— Тогда я буду жить, — ответила война, — я хотела умереть от укоров совести, от слёз матерей, жён и детей, но вы убедили меня жить.
— Тебе и так даровано бессмертие, что может быть прекраснее бессмертия?
— Не знаю, — ответила война.
Вот так показалось, что война и бессмертие — одно и то же...
Лейтенантом Андерсен-старший не стал. А так хотелось подняться в обществе по скользкой иерархической лестнице с самой заплёванной нижней ступеньки.
Он был связан с армией ещё и раньше, значительно раньше. В 1806 году Андерсен-старший стал трубачом в Гражданском ополчении города, тогда сыну ещё был только год; как это могло показаться бы романтичным Андерсену-сказочнику: трубач!
В 1813 году — не верьте мемуарам сказочника — Андерсен-отец пошёл в рекруты вместо того, кто хотел избежать проклятой службы и кому не грезилось о лейтенантстве. Отцу хорошо заплатили, но такие унижения не проходят безнаказанно для души... Даже маленький Андерсен чувствовал своим детским сердечком, что стыдно идти в солдаты вместо другого, богатого. Стыдно продавать свою жизнь. Отец — любимый, нежный унизился — надел вместо другого за деньги военное обмундирование. Отец вернётся с войны победителем и они будут всегда сыты. Проклятое чувство голода — источник всех войн. Люди хотят быть сытыми и идут на войну. Война тоже хочет быть сытой и поедает солдат, которые идут на войну, чтобы не быть голодными.
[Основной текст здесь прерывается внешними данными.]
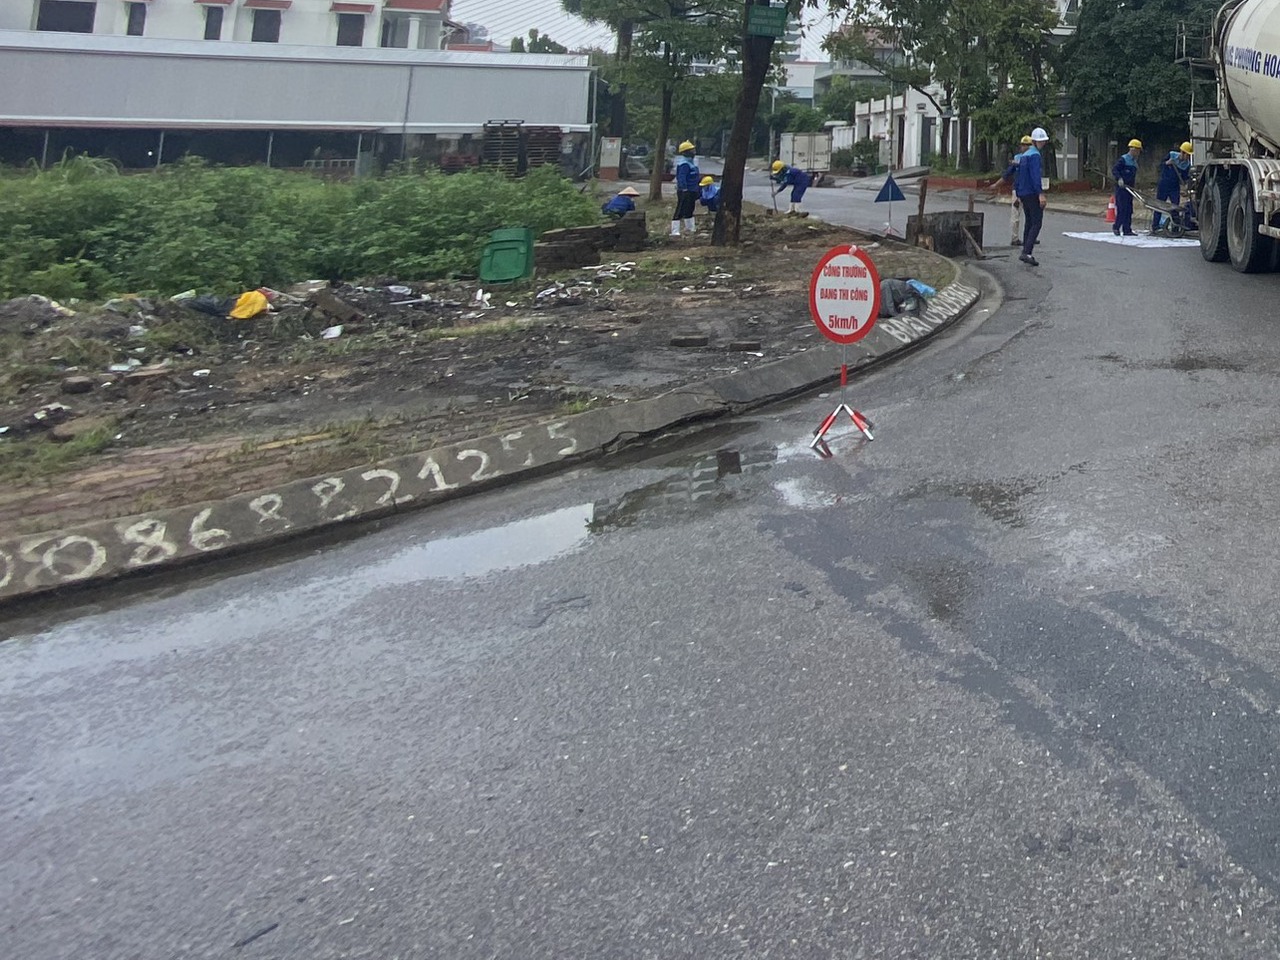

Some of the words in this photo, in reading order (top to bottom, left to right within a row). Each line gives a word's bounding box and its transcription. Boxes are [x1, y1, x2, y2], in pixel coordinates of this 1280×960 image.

Полк солдат отправился в Гольштинию.
Когда отец Андерсена ушёл из Оденсе солдатом, деньги отправленные им, быстро обесценились, семья его оказалась среди бедняков, которые в то время получали «добавочный каравай» от общины. Пришлось ей столкнуться с такой бедностью и унижениями, каких прежде не видывала. Мать ходила от дома к дому в поисках работы — стирки.
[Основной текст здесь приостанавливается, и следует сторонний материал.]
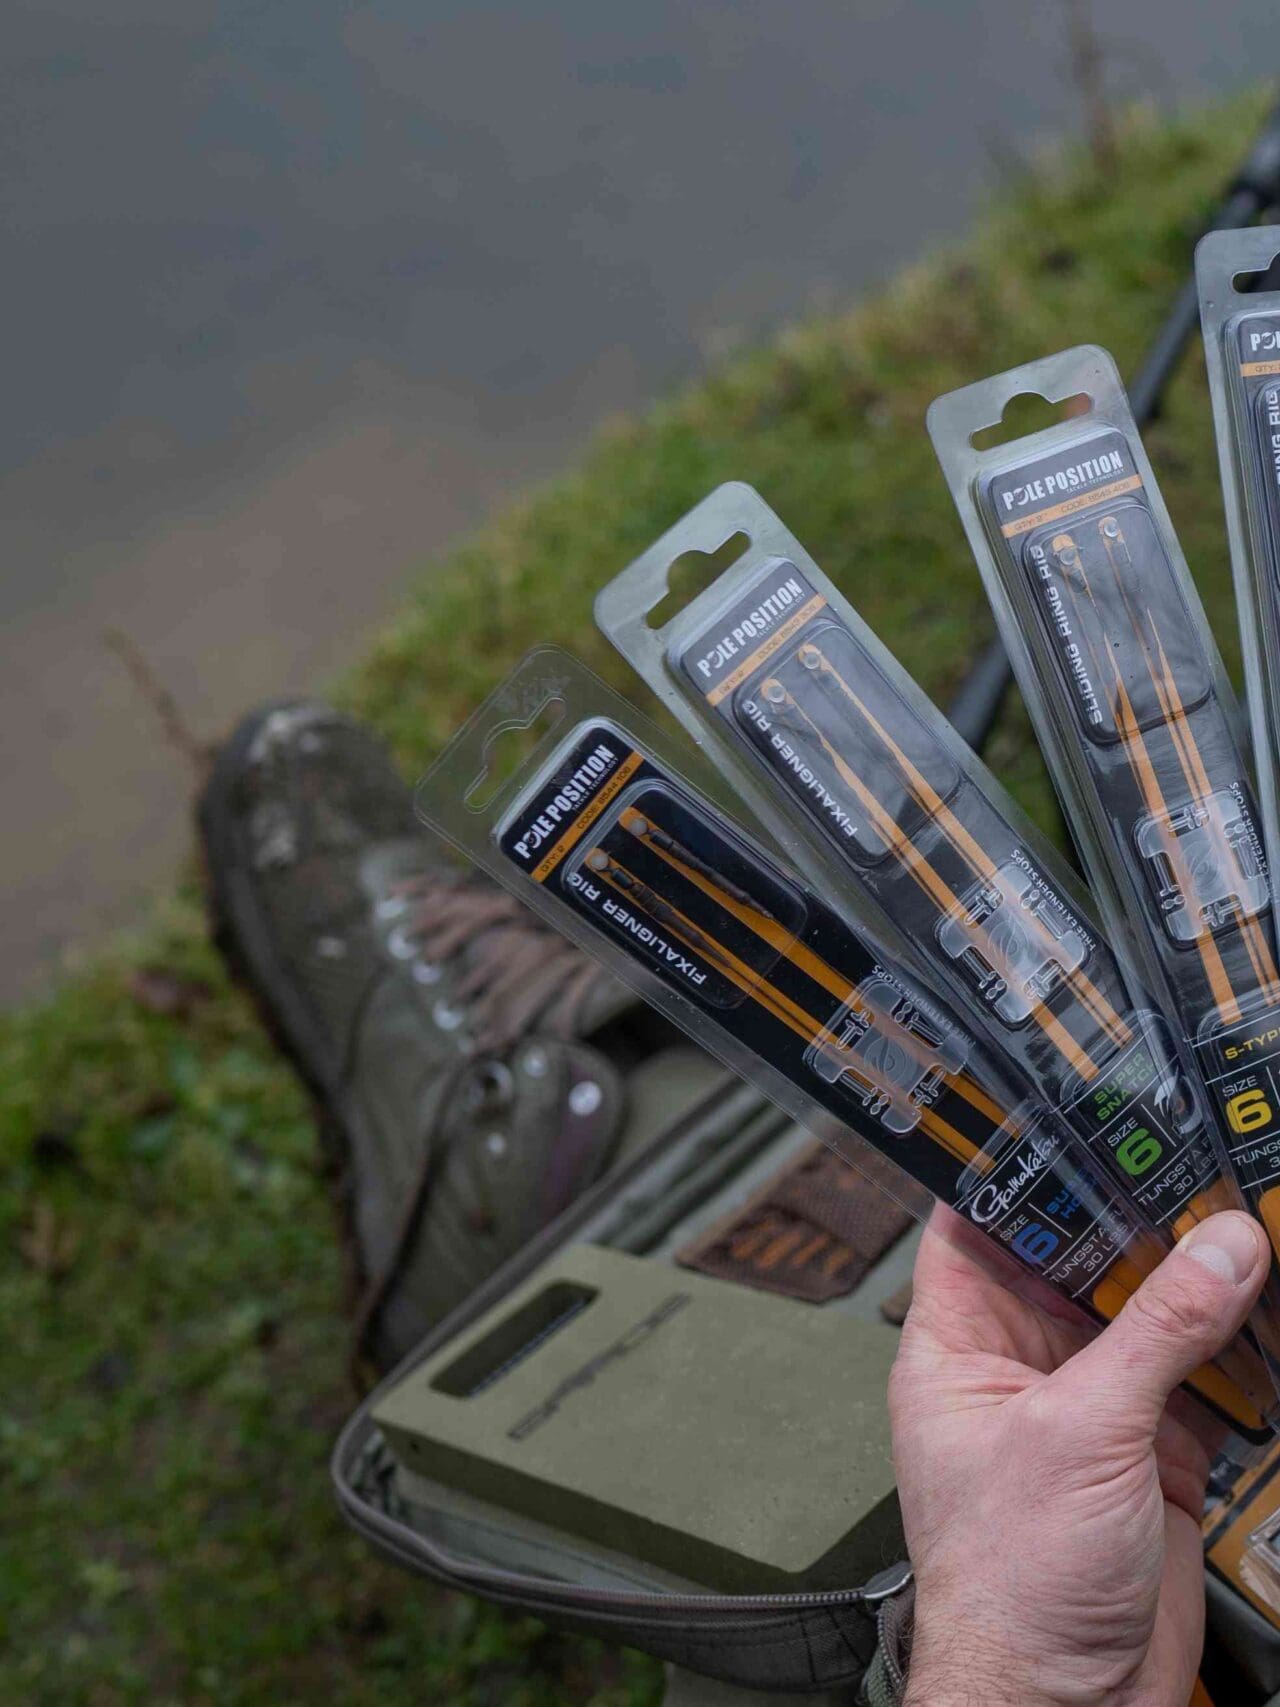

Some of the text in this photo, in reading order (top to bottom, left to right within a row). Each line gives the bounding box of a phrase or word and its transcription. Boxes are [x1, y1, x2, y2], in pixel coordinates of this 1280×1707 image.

[1002, 450, 1124, 510] POLE POSITION
[697, 577, 804, 678] POLE POSITION
[1030, 545, 1104, 725] SLIDING RING RIG
[742, 700, 858, 836] FIXALIGNER RIG
[513, 744, 616, 859] POLE POSITION
[575, 803, 600, 830] CODE:
[1009, 847, 1039, 882] STOPS
[1034, 877, 1078, 928] EXTENDER
[566, 872, 707, 985] FIXALIGNER RIG
[1094, 1052, 1145, 1105] SUPER
[1222, 1075, 1258, 1097] SIZE
[1107, 1116, 1138, 1147] SIZE
[1226, 1089, 1272, 1134] 6
[1116, 1127, 1163, 1176] 6
[1138, 1149, 1203, 1205] TUNGSTA
[1173, 1174, 1194, 1195] 30
[1000, 1214, 1029, 1242] SIZE
[1011, 1223, 1059, 1264] 6
[1051, 1226, 1107, 1283] TUNGSTA
[1083, 1252, 1103, 1272] 30
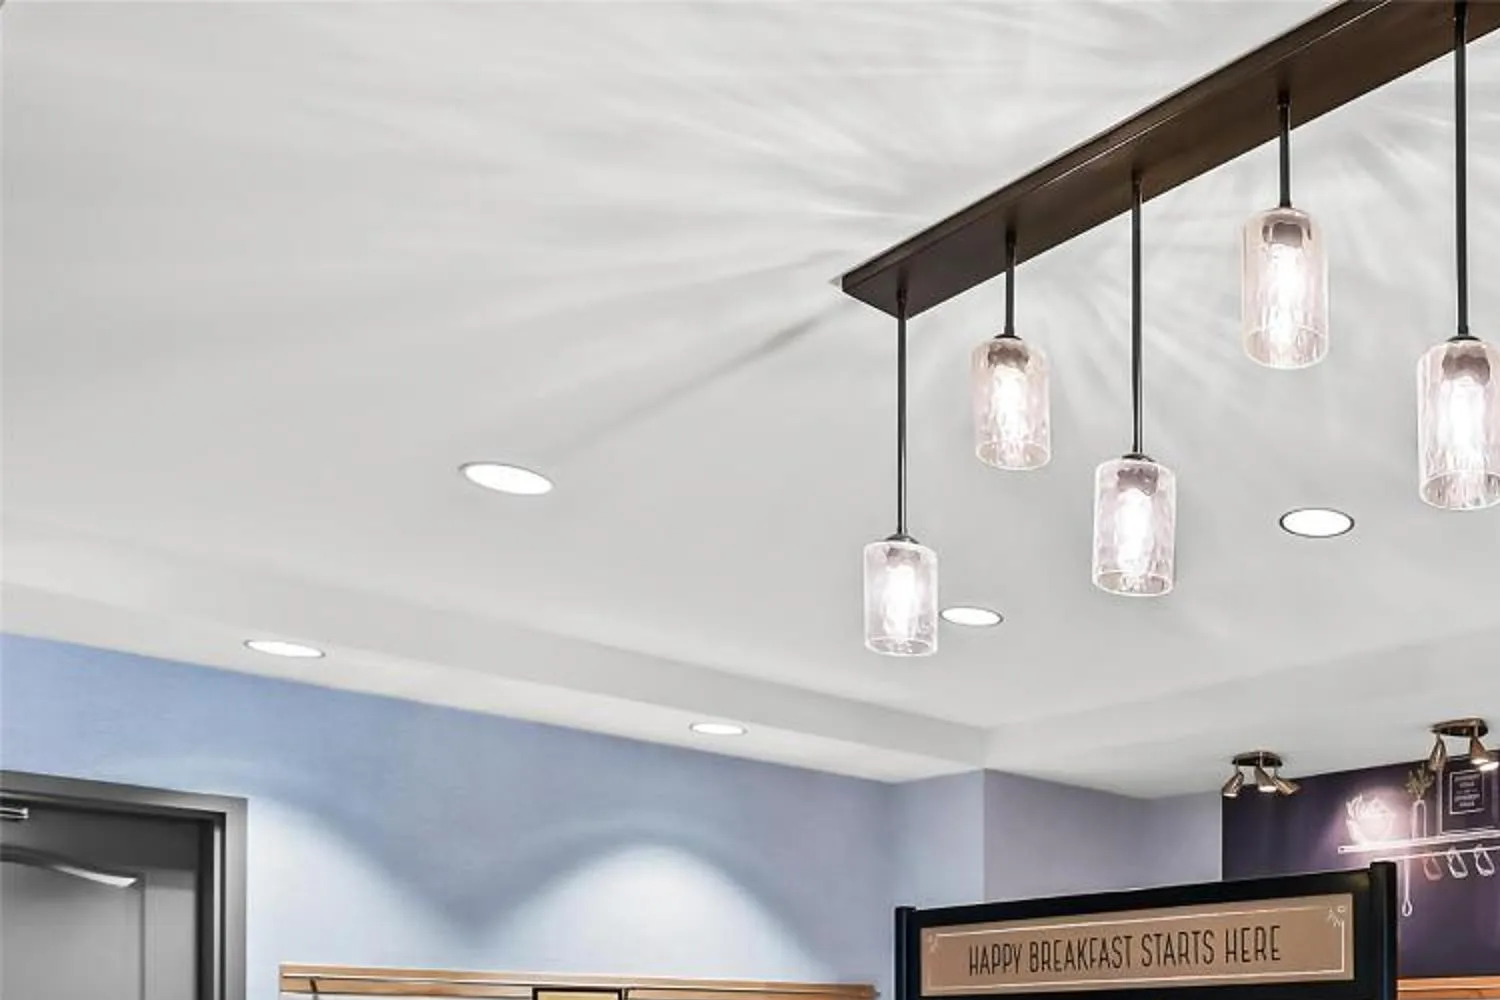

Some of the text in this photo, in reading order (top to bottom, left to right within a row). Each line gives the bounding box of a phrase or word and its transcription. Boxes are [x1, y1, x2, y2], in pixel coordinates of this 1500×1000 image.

[968, 925, 1282, 977] HAPPY BREAKFAST STARTS HERE
— Мария, — раздавалось из какого-нибудь дома, и она спешила на крик.
— Нужно постирать — и мать уходила, кренясь под тяжестью белья. Изнурительный безжалостный труд превращал её в полуживотное. Ганс стоял на берегу и смотрел на мать.
— Мальчик мой, — сквозь слёзы говорила мать, — купи мне водки, а то я простыну.
Ребёнок шёл в лавчонку, зажав в ладошке последние деньги. Мать посмотрела ему во след и, не скрывая слёз, снова согнулась над работой. Кровь её была выпита усталостью.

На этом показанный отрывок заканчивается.